Recensione: Il vento fa il suo giro
di Davide Verazzani
Philippe, corpulento ex professore francese riciclatosi pastore di capre per raggiungere un contatto più vero con la natura, si trasferisce con l’avvenente moglie Chris e i tre bambini dai Pirenei a uno sperduto villaggio della Val Maira, Chersogno, proprio sotto il Monviso. Il suo arrivo provoca inizialmente la naturale diffidenza dei paesani, un centinaio di persone per lo più anziane, chiuse nella loro ostinata diversità culturale (i vecchi parlano tutti l’antica lingua occitana, sorta di miscuglio fra il piemontese e il francese, e anche i pochi giovani presenti si adeguano); saranno Costanzo, sindaco del minuscolo Comune, e Fausto, un famoso clarinettista, originario del paese, che vi sta svernando a causa di un incidente al braccio, a convincere gli abitanti ad accogliere lo straniero, giocando soprattutto sulle opportunità economiche e turistiche (Philippe produce dell’ottimo formaggio di capra, che vende a compaesani e turisti) più che sull’opportunità di entrare in contatto con una cultura differente.

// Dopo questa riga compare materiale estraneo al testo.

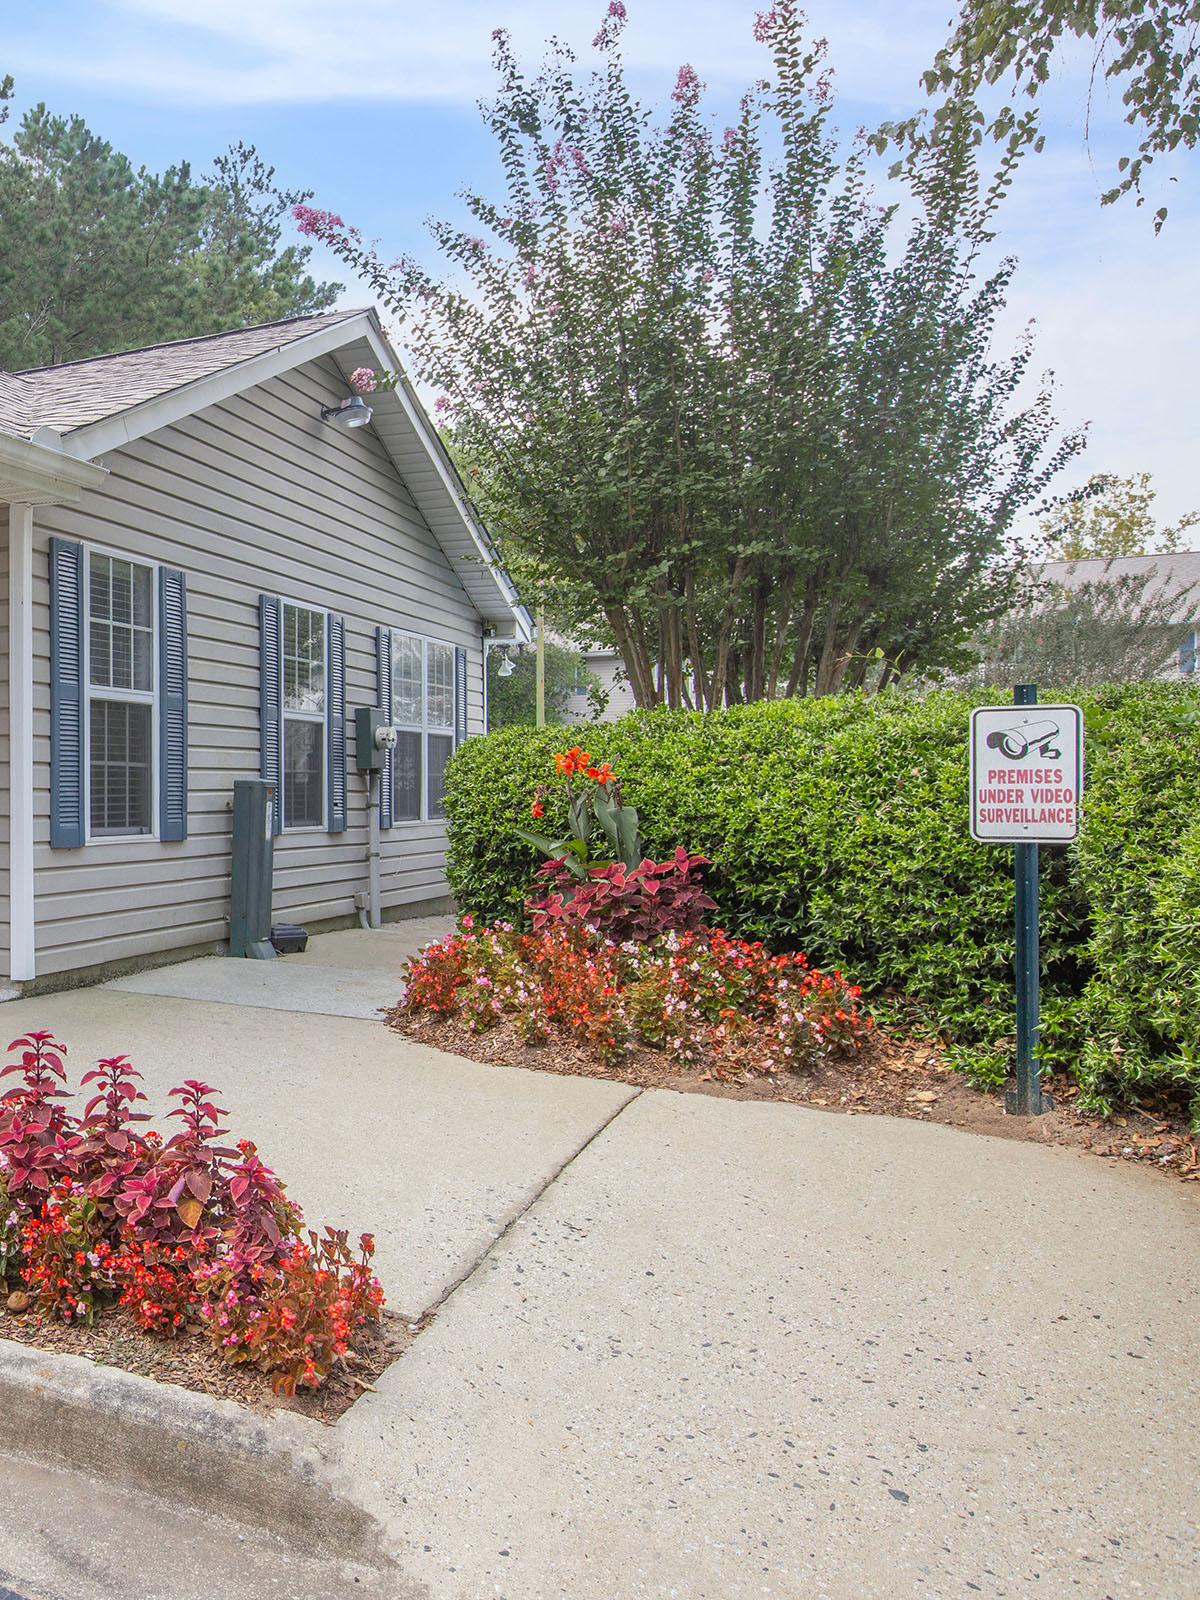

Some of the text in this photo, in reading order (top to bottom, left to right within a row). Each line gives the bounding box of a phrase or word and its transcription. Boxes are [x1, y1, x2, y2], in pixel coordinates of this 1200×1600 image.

[988, 769, 1063, 784] PREMISES
[979, 788, 1073, 804] UNDER VIDEO
[979, 808, 1073, 824] SURVEILLANCE
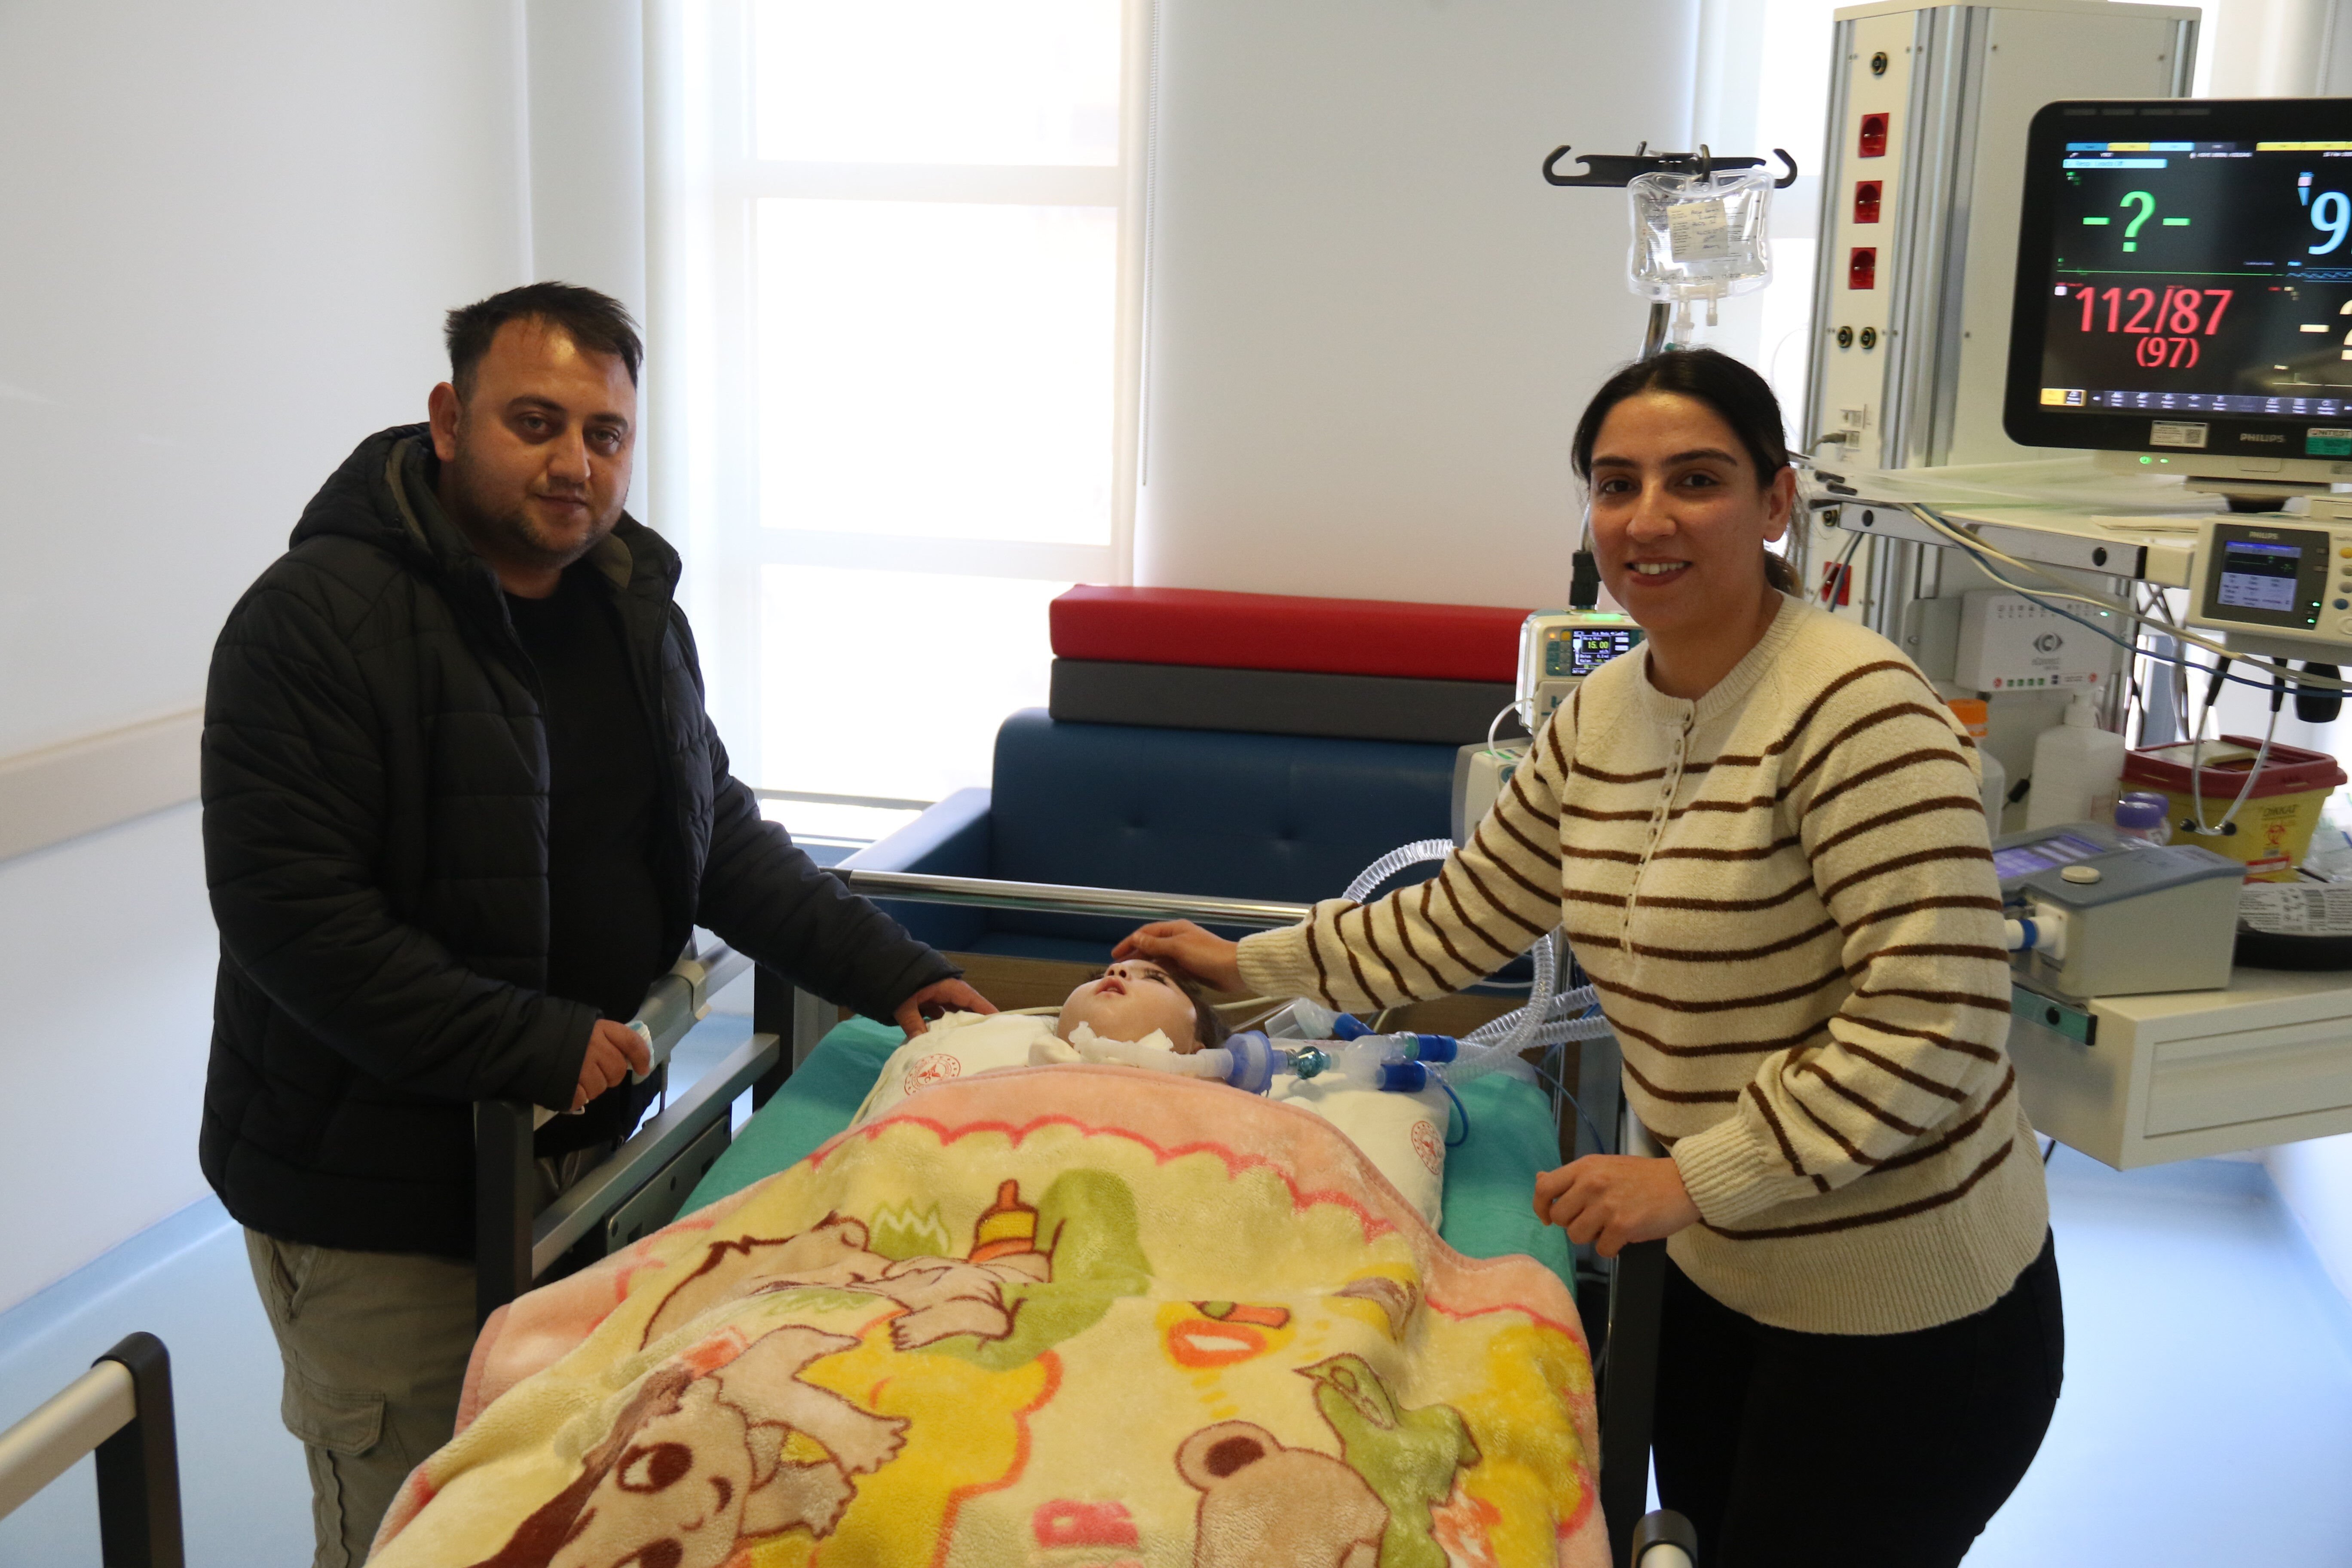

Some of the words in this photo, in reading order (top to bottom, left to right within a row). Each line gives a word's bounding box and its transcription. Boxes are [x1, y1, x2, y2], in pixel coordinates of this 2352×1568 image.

[2075, 287, 2234, 336] 112/87
[2135, 337, 2200, 369] (97)
[2239, 433, 2286, 443] PHILIPS
[1587, 640, 1609, 649] 15.00

L’accoglienza di Philippe e della sua spaesata moglie, inizialmente più che benevola, si trasforma ben presto in ostilità manifesta; e questo sia a causa della cecità di alcuni paesani (tra cui la postina e gli avventori abituali dell’unico bar), sia per colpa dell’ostinazione dello stesso Philippe, che si chiude in un’orgogliosa e insensata solitudine di fronte alle malelingue del paese. L’epilogo sarà tragico, e Philippe sarà costretto ad andarsene. Ma qualcuno ha capito il messaggio di tolleranza, ed è pronto, adesso, a prendere il suo posto… Leggi articolo completo…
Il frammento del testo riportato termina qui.